Instructions to follow
Exact repetition, pictures omitted: give every record below again.
[[ Material for this exercise open ]]
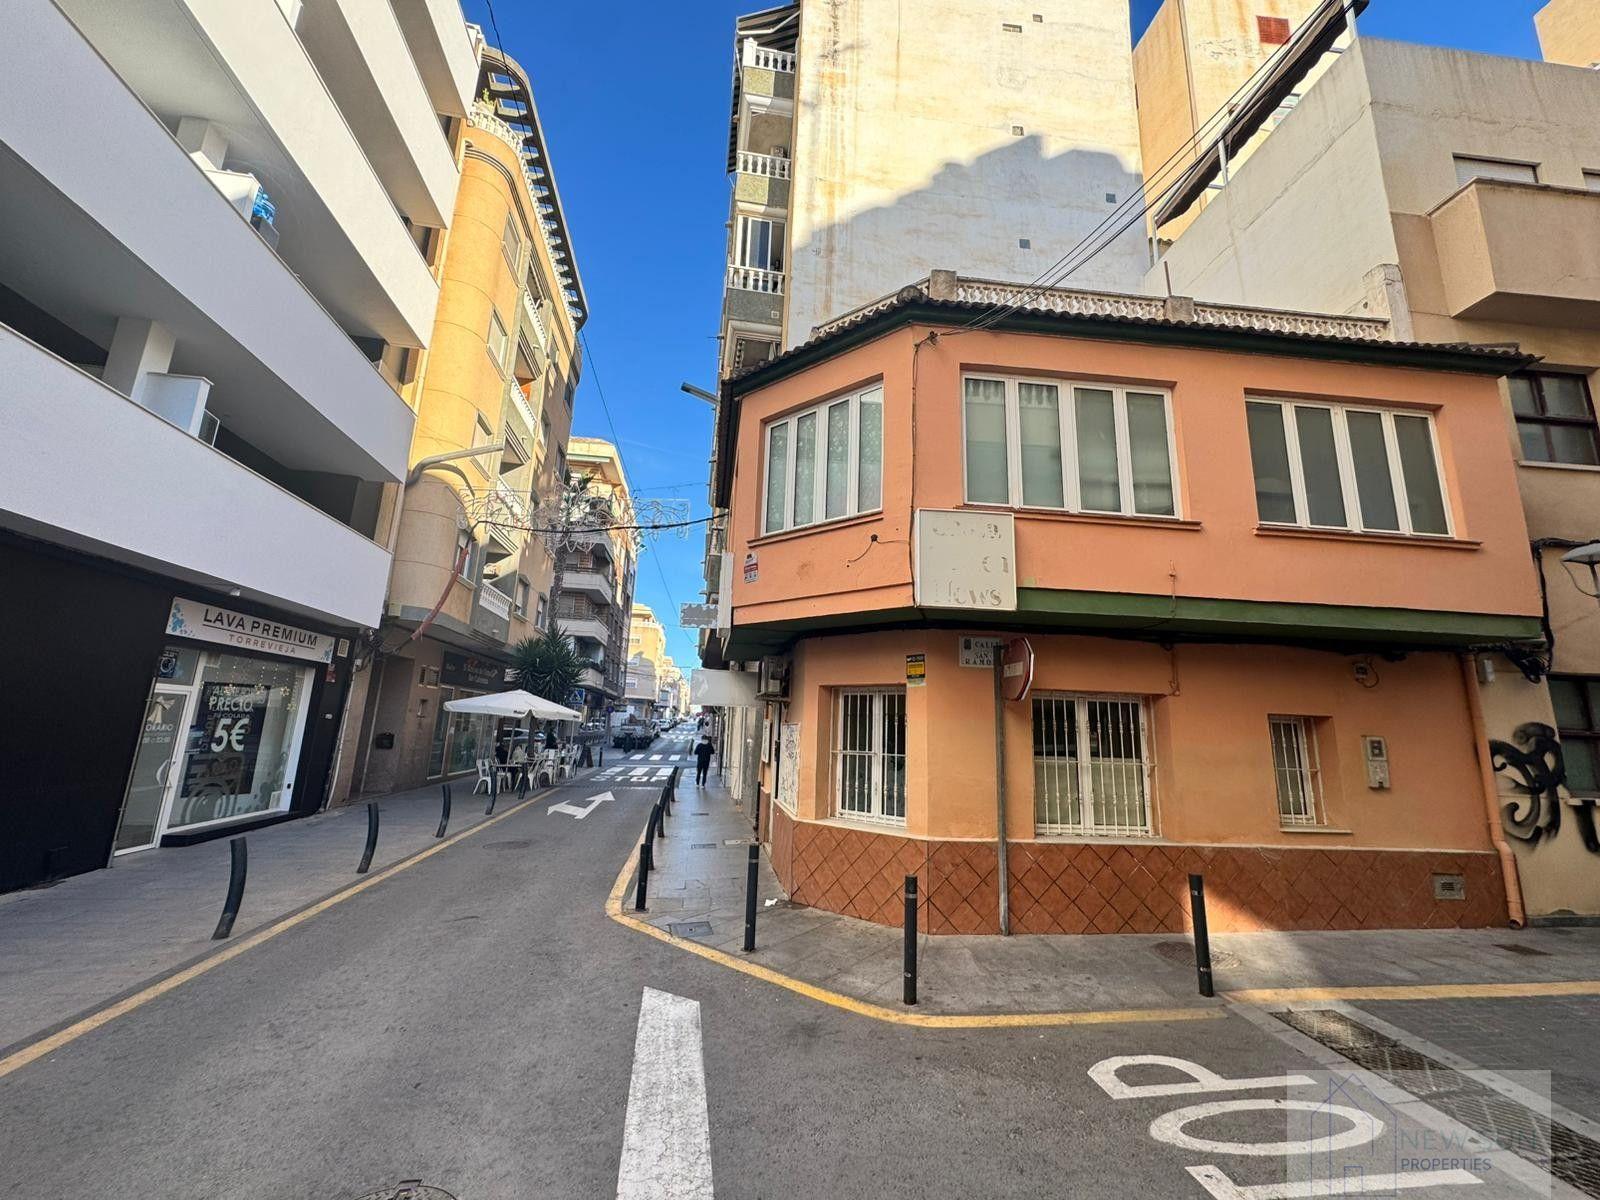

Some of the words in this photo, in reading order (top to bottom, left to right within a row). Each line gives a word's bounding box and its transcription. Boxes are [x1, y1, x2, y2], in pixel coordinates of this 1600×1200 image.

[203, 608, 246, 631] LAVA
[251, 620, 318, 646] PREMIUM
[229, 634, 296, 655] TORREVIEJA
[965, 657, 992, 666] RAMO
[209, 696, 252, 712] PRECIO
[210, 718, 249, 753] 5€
[[ Material for this exercise closed ]]
Answer to this exercise
Some of the words in this photo, in reading order (top to bottom, left to right within a row). Each line gives a word's bounding box and its transcription. Boxes are [x1, y1, x2, y2], in pixel coordinates of this 1600×1200 image.

[203, 608, 246, 631] LAVA
[251, 620, 318, 646] PREMIUM
[229, 634, 296, 655] TORREVIEJA
[965, 657, 992, 666] RAMO
[209, 696, 252, 712] PRECIO
[210, 718, 249, 753] 5€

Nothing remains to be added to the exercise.